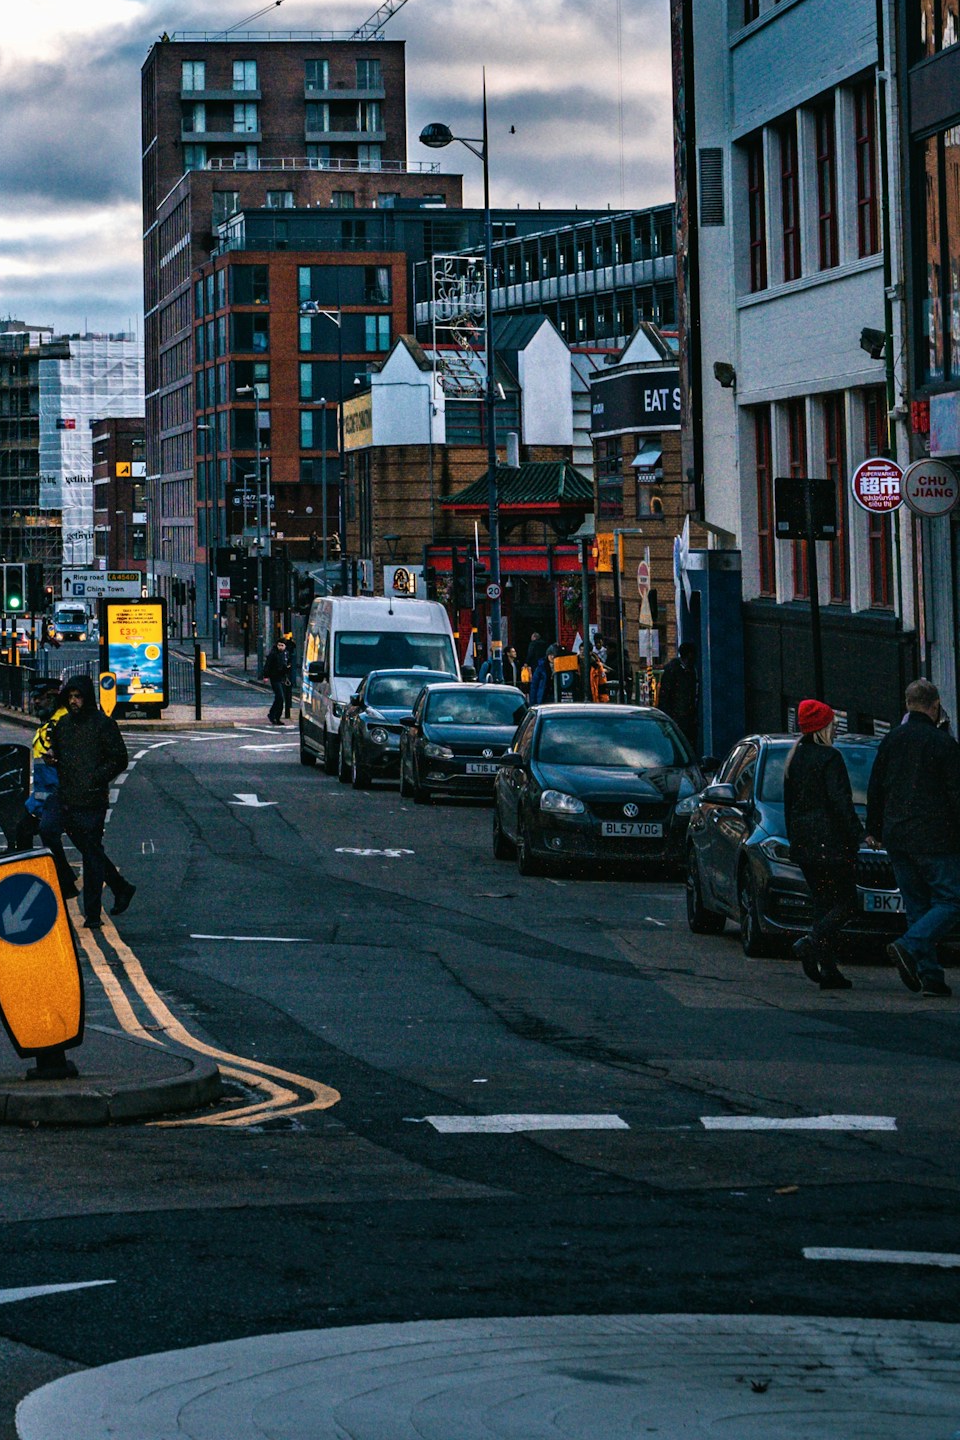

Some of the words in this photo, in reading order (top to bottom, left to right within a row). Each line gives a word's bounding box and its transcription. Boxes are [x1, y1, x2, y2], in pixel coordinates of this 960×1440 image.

[644, 388, 669, 412] EAT
[860, 477, 900, 495] 超市
[917, 476, 947, 486] CHU
[912, 488, 954, 498] JIANG
[107, 573, 139, 581] (A4540)
[488, 587, 500, 595] 20
[606, 823, 634, 834] BL57
[873, 895, 901, 910] BK7
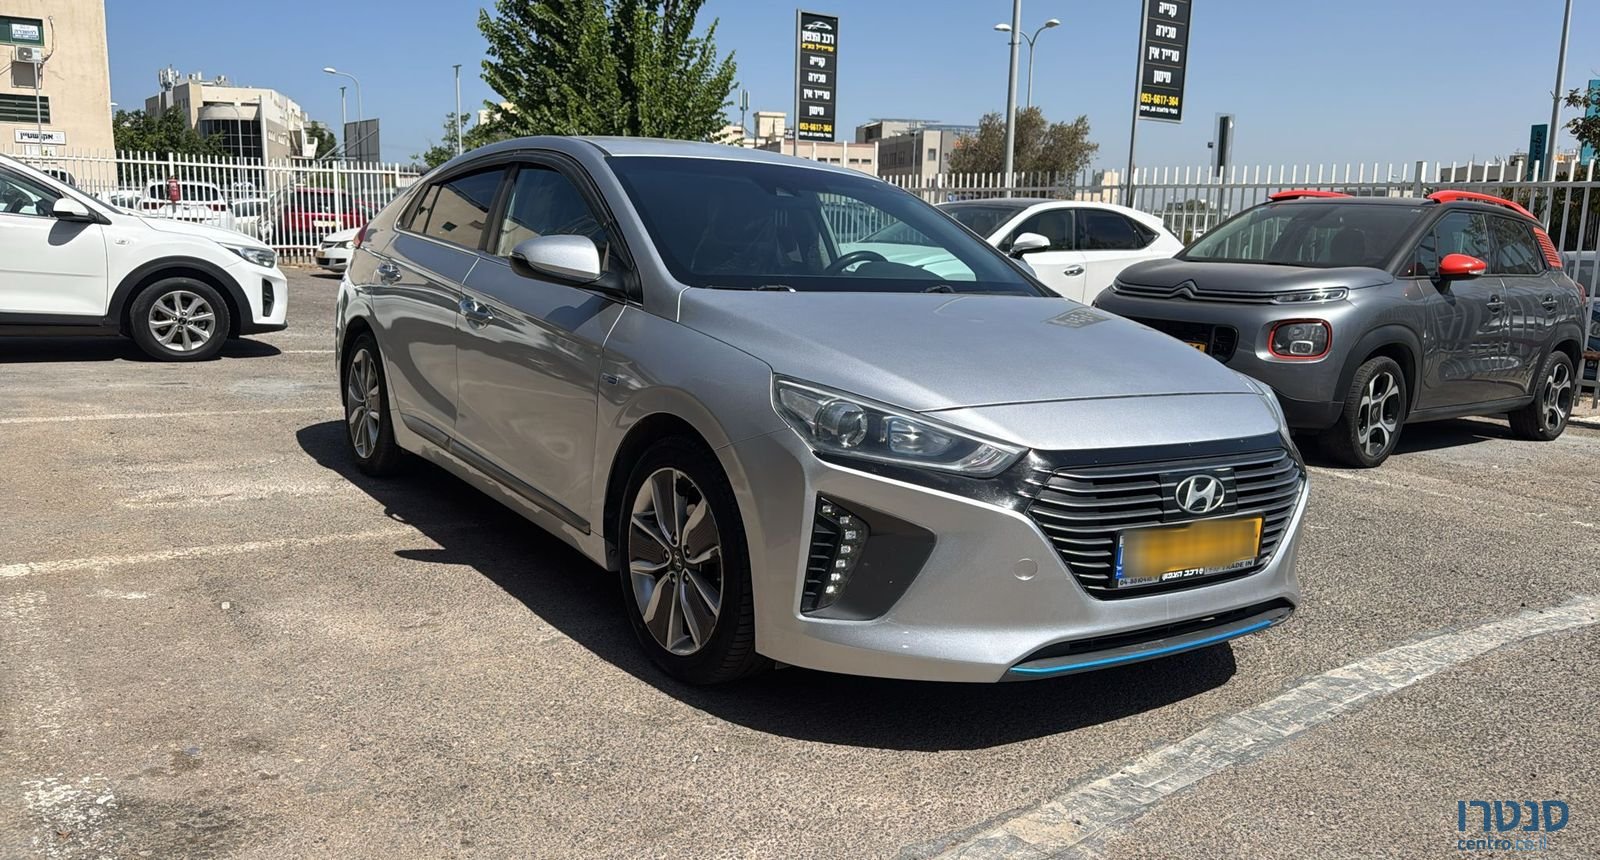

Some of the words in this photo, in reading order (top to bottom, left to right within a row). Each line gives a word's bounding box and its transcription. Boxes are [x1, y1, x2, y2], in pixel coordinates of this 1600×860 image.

[1158, 2, 1177, 18] קנייה
[1156, 24, 1176, 39] מכירה
[822, 33, 834, 44] רכב
[1149, 46, 1160, 60] אין
[1161, 48, 1179, 62] טרייד
[810, 56, 826, 68] קנייה
[808, 72, 826, 83] מכירה
[1153, 70, 1171, 84] מימון
[804, 88, 813, 99] אין
[815, 90, 830, 100] טרייד
[1141, 93, 1179, 106] 053-6617-364
[809, 106, 824, 116] מימון
[20, 132, 53, 140] אקשטיין
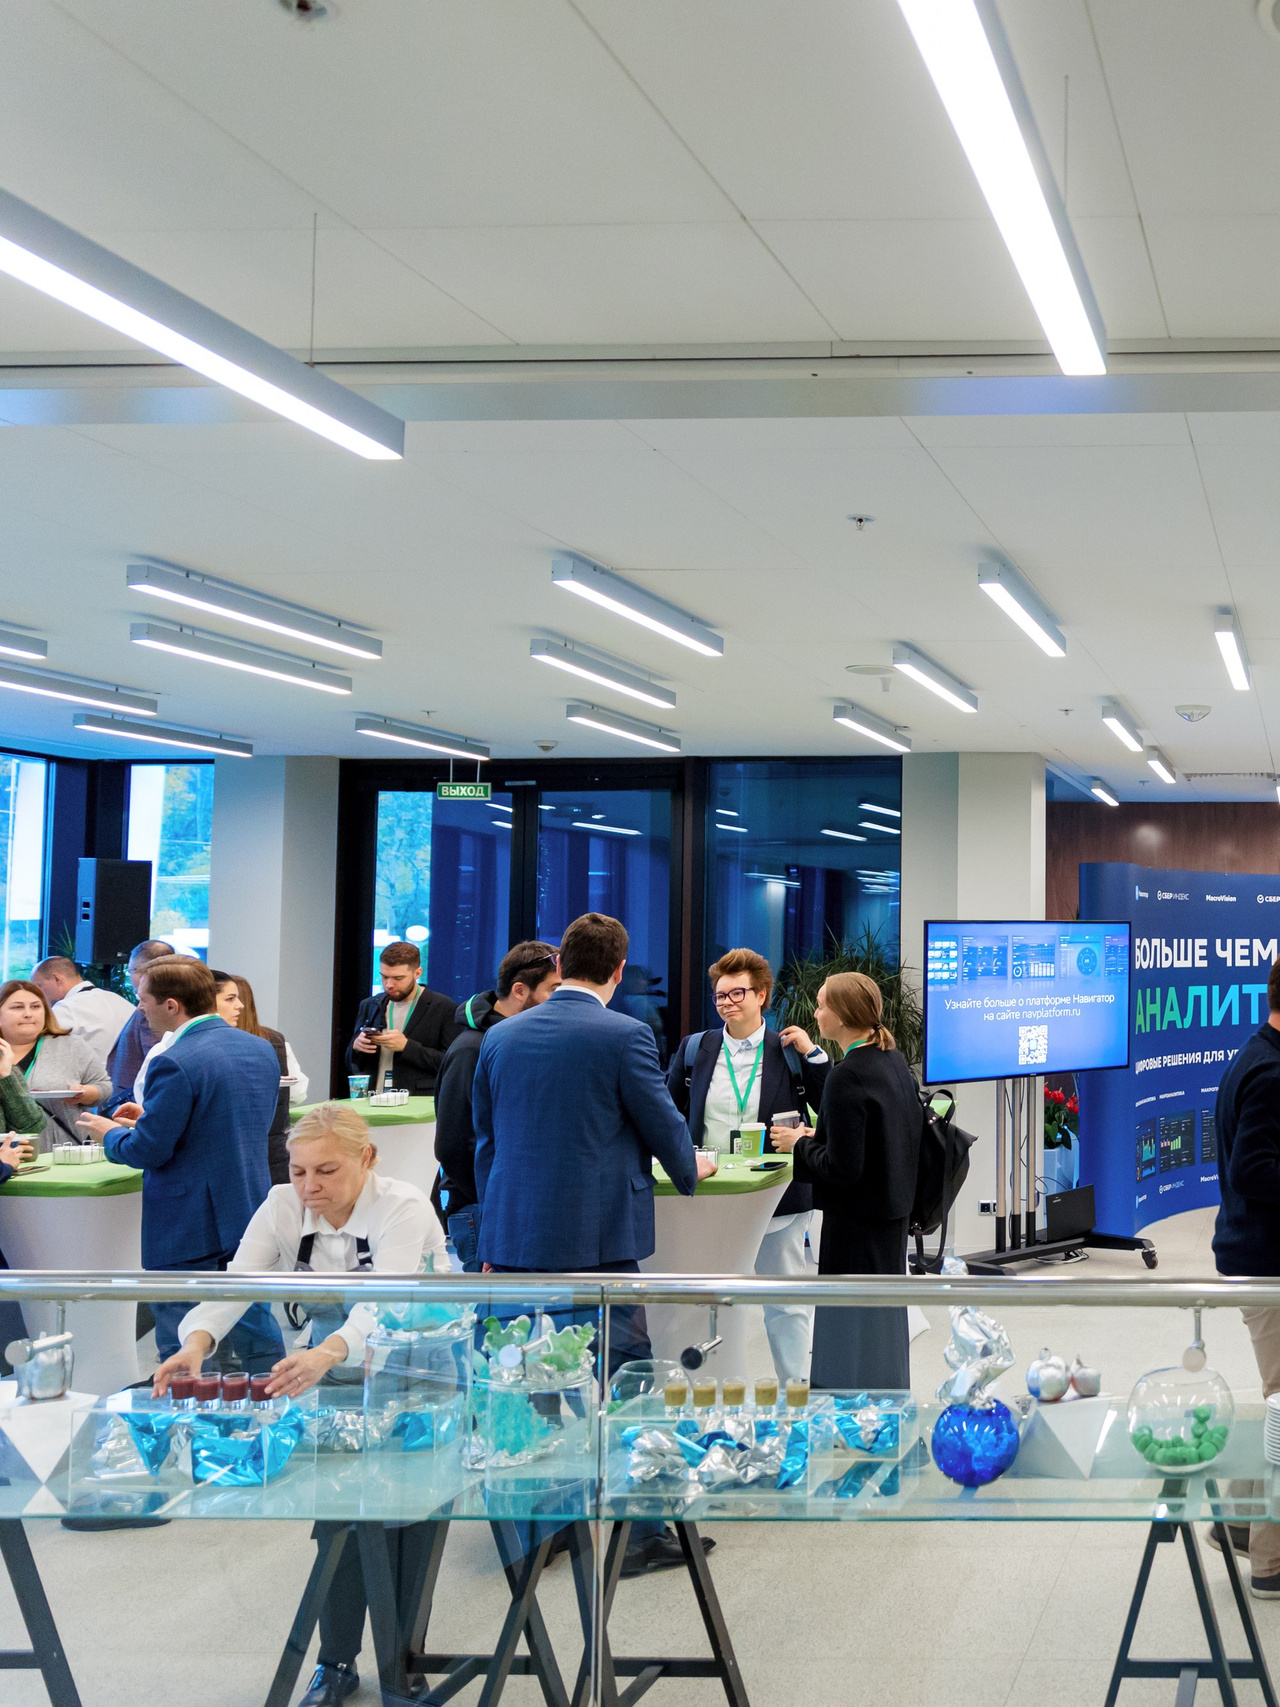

════════════════

Work to be completed:
Please return the material above unchanged, with every picture removed.

Response below:
Some of the words in this photo, in reading order (top to bottom, left to right within a row). Each line gives a word's bounding box and its transcription. Boxes are [x1, y1, x2, y2], in pixel coordinates of this 960×1440 image.

[644, 388, 669, 412] EAT
[860, 477, 900, 495] 超市
[917, 476, 947, 486] CHU
[912, 488, 954, 498] JIANG
[107, 573, 139, 581] (A4540)
[488, 587, 500, 595] 20
[606, 823, 634, 834] BL57
[873, 895, 901, 910] BK7

Some of the words in this photo, in reading order (top to bottom, left to right within a row). Each line gives a word's bounding box and its transcription. Boxes are [x1, y1, x2, y2], in pixel coordinates of this 1600×860 image.

[1158, 2, 1177, 18] קנייה
[1156, 24, 1176, 39] מכירה
[822, 33, 834, 44] רכב
[1149, 46, 1160, 60] אין
[1161, 48, 1179, 62] טרייד
[810, 56, 826, 68] קנייה
[808, 72, 826, 83] מכירה
[1153, 70, 1171, 84] מימון
[804, 88, 813, 99] אין
[815, 90, 830, 100] טרייד
[1141, 93, 1179, 106] 053-6617-364
[809, 106, 824, 116] מימון
[20, 132, 53, 140] אקשטיין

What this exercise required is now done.